Der Vater hielt nicht viel von ihm. Erika und Klaus waren ihm näher. Golo ächzte. »Was hatten wir doch für eine elende Kindheit«, schrieb er ins Tagebuch. Da war er zweiundzwanzig und hatte das Schlimmste überstanden. Aber dass er nicht geliebt wurde, schmerzte nach wie vor. Vergessen hat er es nie. Der Vater kommt in seinem Memoirenbuch »Erinnerungen und Gedanken« von 1986 deshalb auch nur gelegentlich, eher beiläufig vor, eine Respektsperson, mit der nicht zu spaßen war, berühmt, jähzornig, reizbar, überlebensgroß. In früher Jugend, berichtete Golo, »war er mir majestätisch und fremd erschienen; erst als ich etwa fünfundzwanzig Jahre alt war, kam ich ihm etwas näher. Dass er damals mich zu schätzen begann, erfuhr ich zuerst aus den Tagebüchern, mit etwas Beschämung«.

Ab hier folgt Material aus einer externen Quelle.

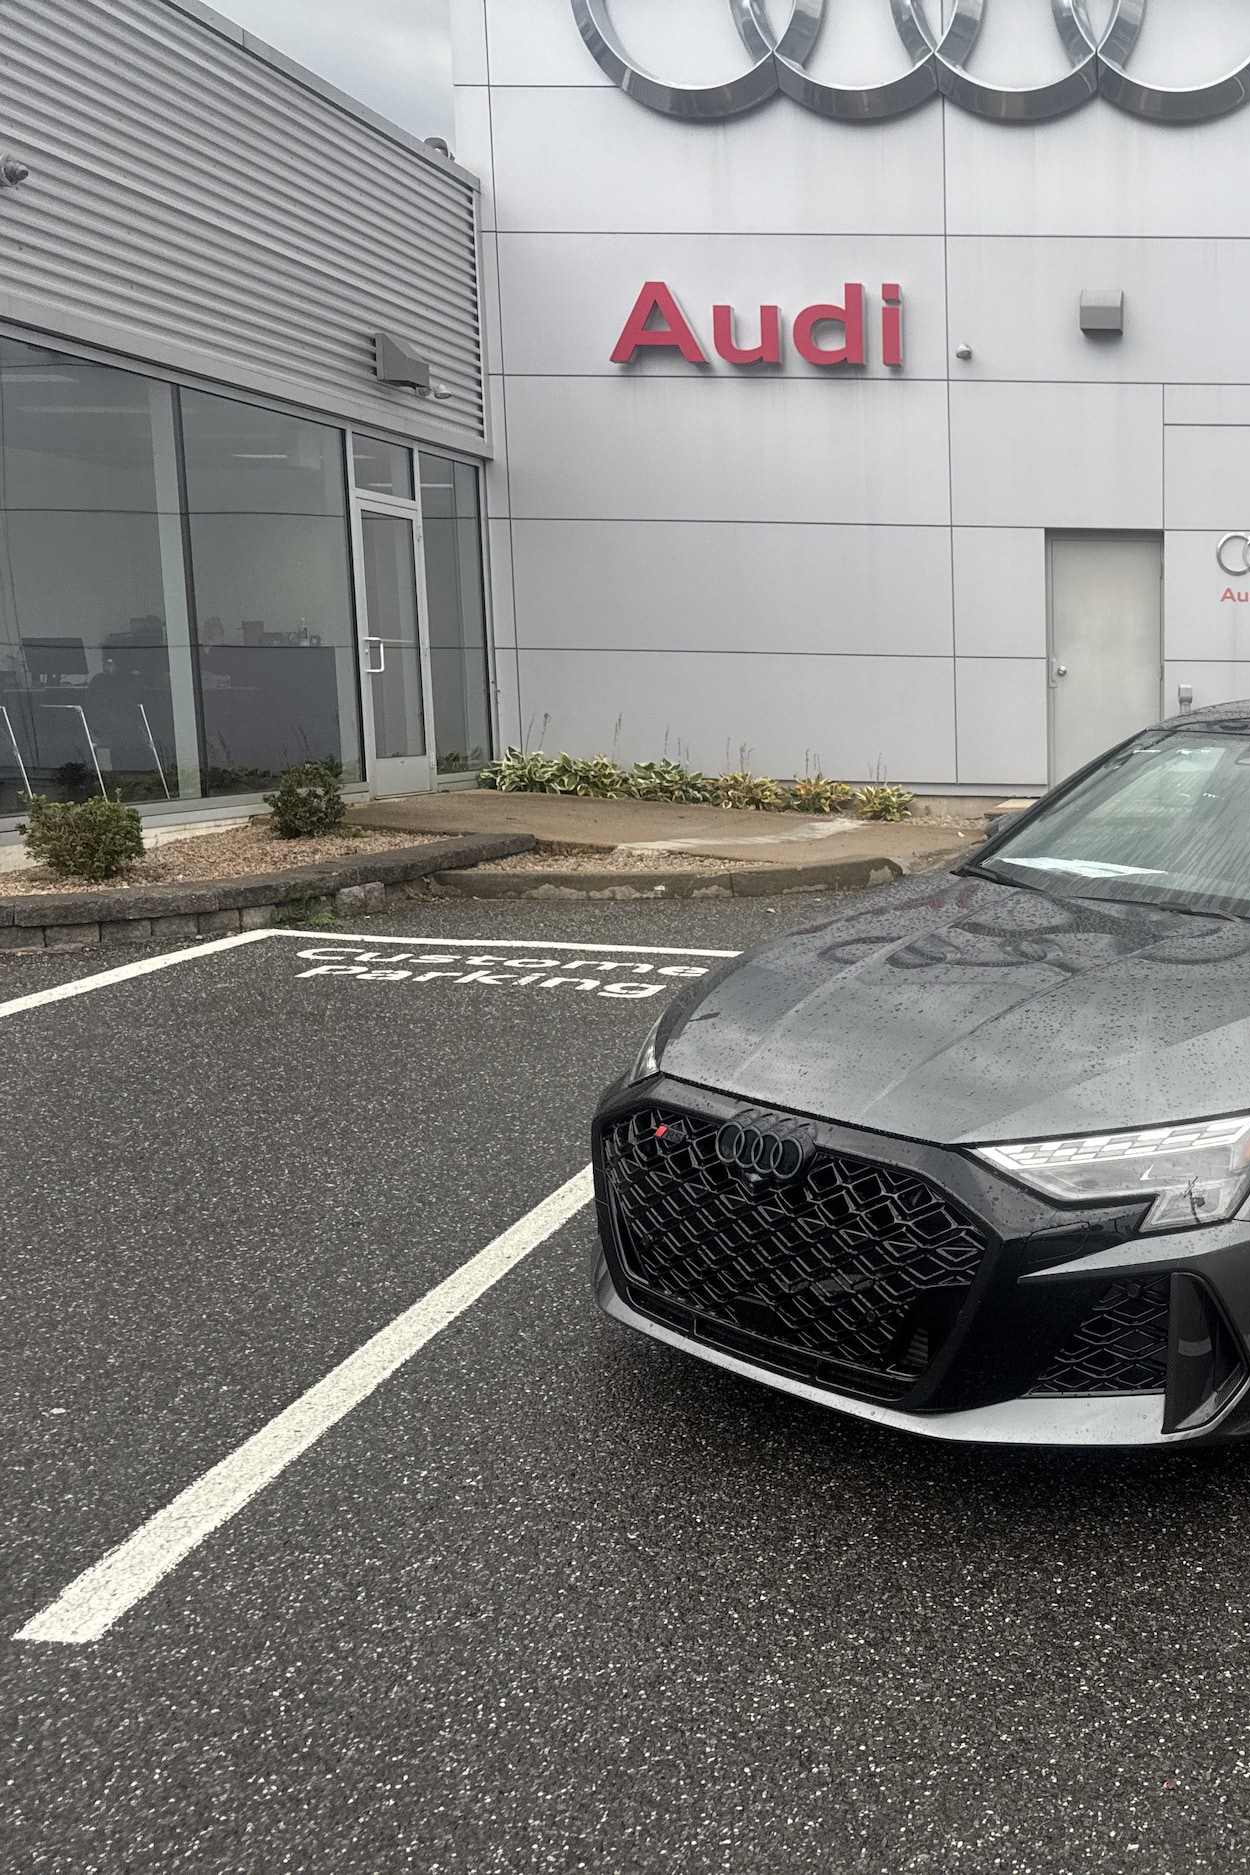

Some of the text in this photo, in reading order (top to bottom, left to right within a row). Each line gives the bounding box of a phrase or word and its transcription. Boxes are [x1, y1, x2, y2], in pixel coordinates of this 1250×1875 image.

Er musste alt werden, um über Thomas Mann gelassen und ohne Ressentiment sprechen zu können. »Als Kind«, schrieb er 1986, »konnte ich nicht wissen, warum er oft so sehr abgespannt und müde und manchmal wie fremd war, wenn er aus seinem Arbeitszimmer trat«. Dann war Mann mit einer Arbeit stecken geblieben, und die tiefe Verstimmtheit teilte sich allen mit, die um ihn waren. Golos Text, mit knapp zwanzig Druckseiten die ausführlichste Äußerung, die wir von ihm über den Vater besitzen, steht in einem gerade erschienenen Band, der noch einmal kürzere, verstreut publizierte Arbeiten sammelt, Erzählungen, Essays zur Politik und Zeitgeschichte und, im Zentrum, einige Familienporträts, Erinnerungen an die Mutter, an Erika und Klaus, an Heinrich Mann und das Verhältnis der Brüder zueinander.

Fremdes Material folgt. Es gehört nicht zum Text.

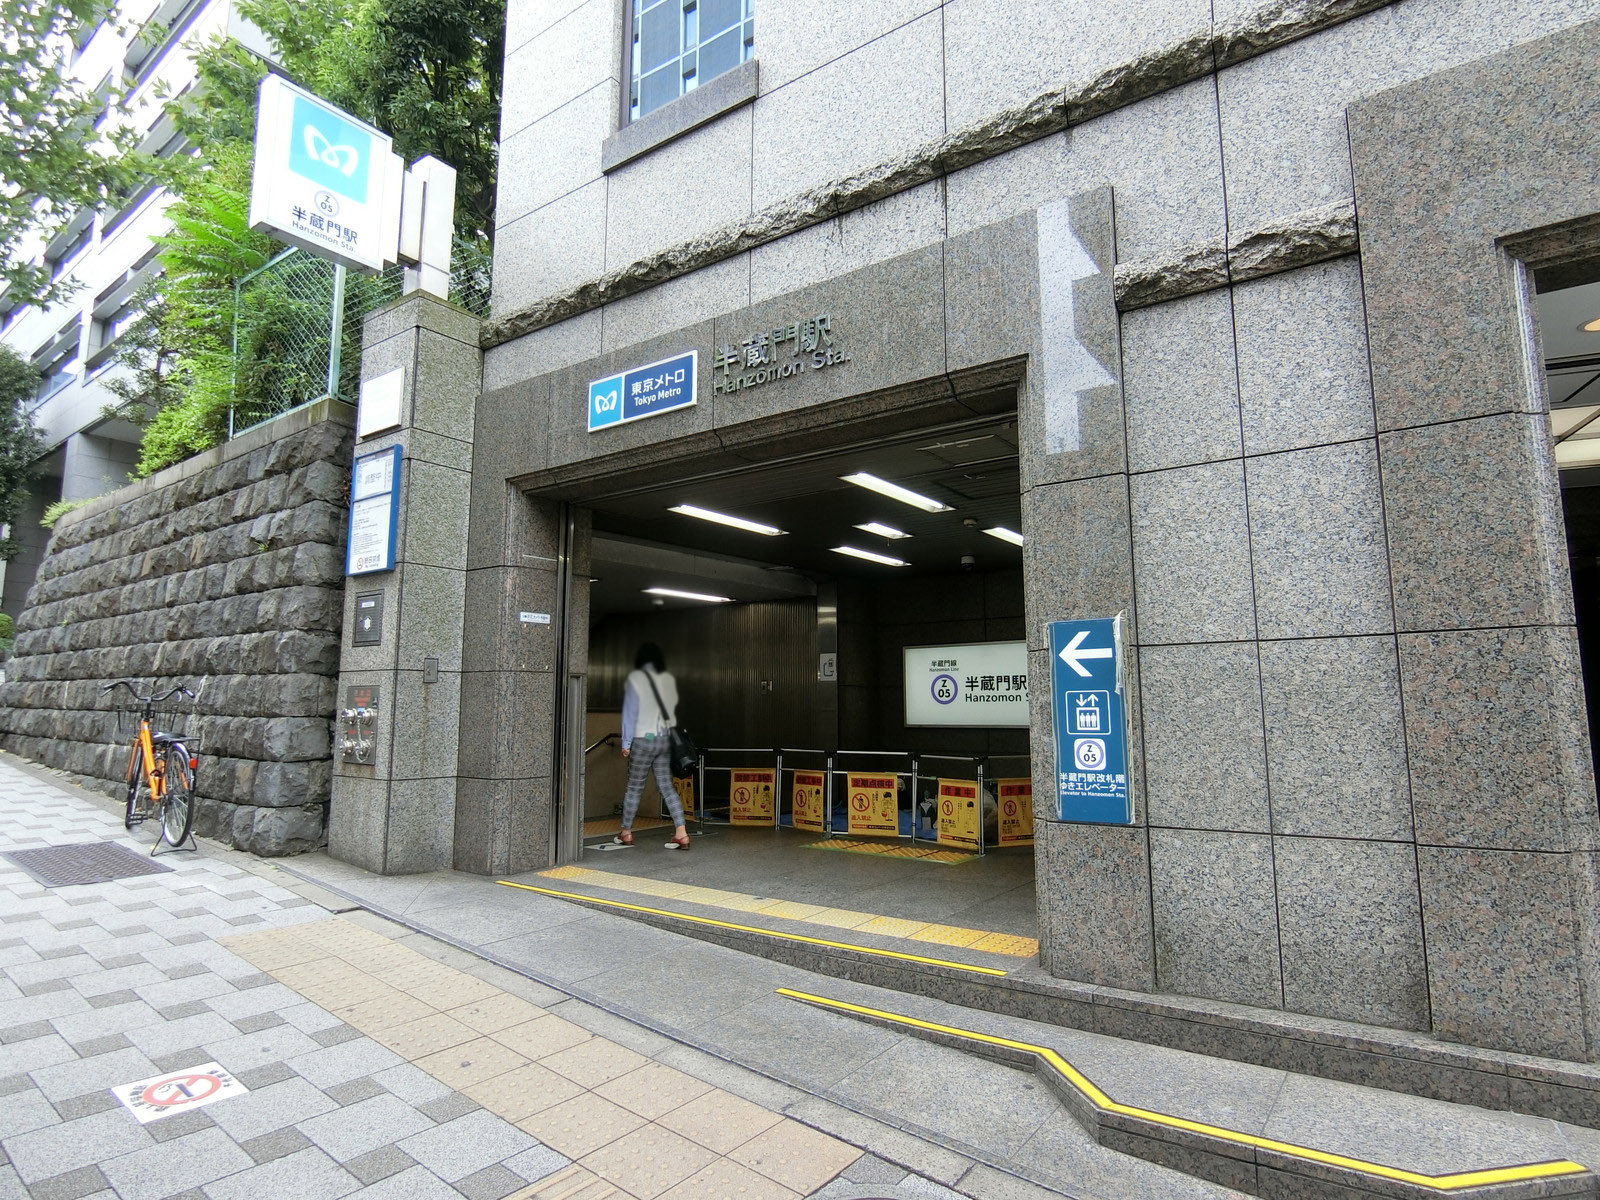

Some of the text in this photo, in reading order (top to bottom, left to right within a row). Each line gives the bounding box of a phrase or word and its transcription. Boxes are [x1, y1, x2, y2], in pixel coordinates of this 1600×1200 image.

[325, 195, 330, 203] Z
[320, 201, 333, 213] 05
[292, 205, 358, 245] 半蔵門駅
[292, 220, 339, 246] Hanzomon
[713, 313, 833, 376] 半蔵門駅
[811, 347, 852, 369] Sta.
[631, 368, 685, 396] 東京メトロ
[634, 387, 682, 407] Tokyo Metro
[931, 659, 957, 668] 半蔵門線
[941, 679, 947, 688] Z
[965, 675, 1027, 691] 半蔵門駅
[938, 689, 951, 698] 05
[965, 693, 1022, 702] Hanzomon
[1087, 744, 1093, 753] Z
[1083, 753, 1097, 762] 05
[1060, 772, 1125, 783] 半蔵門駅改札階
[1060, 781, 1126, 792] ゆきエレベーター

»Man muss über sich selbst schreiben« heißt das Buch, das Tilmann Lahme im S. Fischer Verlag herausgab und das Hans-Martin Gauger mit einem schönen, aufschlussreichen Aufsatz über Golo Mann beschließt. Lahme, 34jähriger FAZ-Redakteur, der 2006 bereits die Briefe des Autors edierte, ist einer der besten Kenner dieses lebhaften, hochgebildeten und, wie Gauger sagt, auf altmodische, beinah skurrile Weise höflichen Menschen. Was er über ihn, seine Leiden und Erfolge, seine Homosexualität, seine Zerwürfnisse und Intentionen, sein Werk weiß, steht jetzt in einer großen, klugen Biografie, die ebenfalls bei S. Fischer erschien. Ein Buch von respektablem Umfang, die zweite Lebensbeschreibung nach der Studie des Schweizer Historikers Urs Bitterli von 2004, souverän erzählt, mit vielen unbekannten Details gespickt, die der Autor in amerikanischen, europäischen und privaten Archiven entdeckte.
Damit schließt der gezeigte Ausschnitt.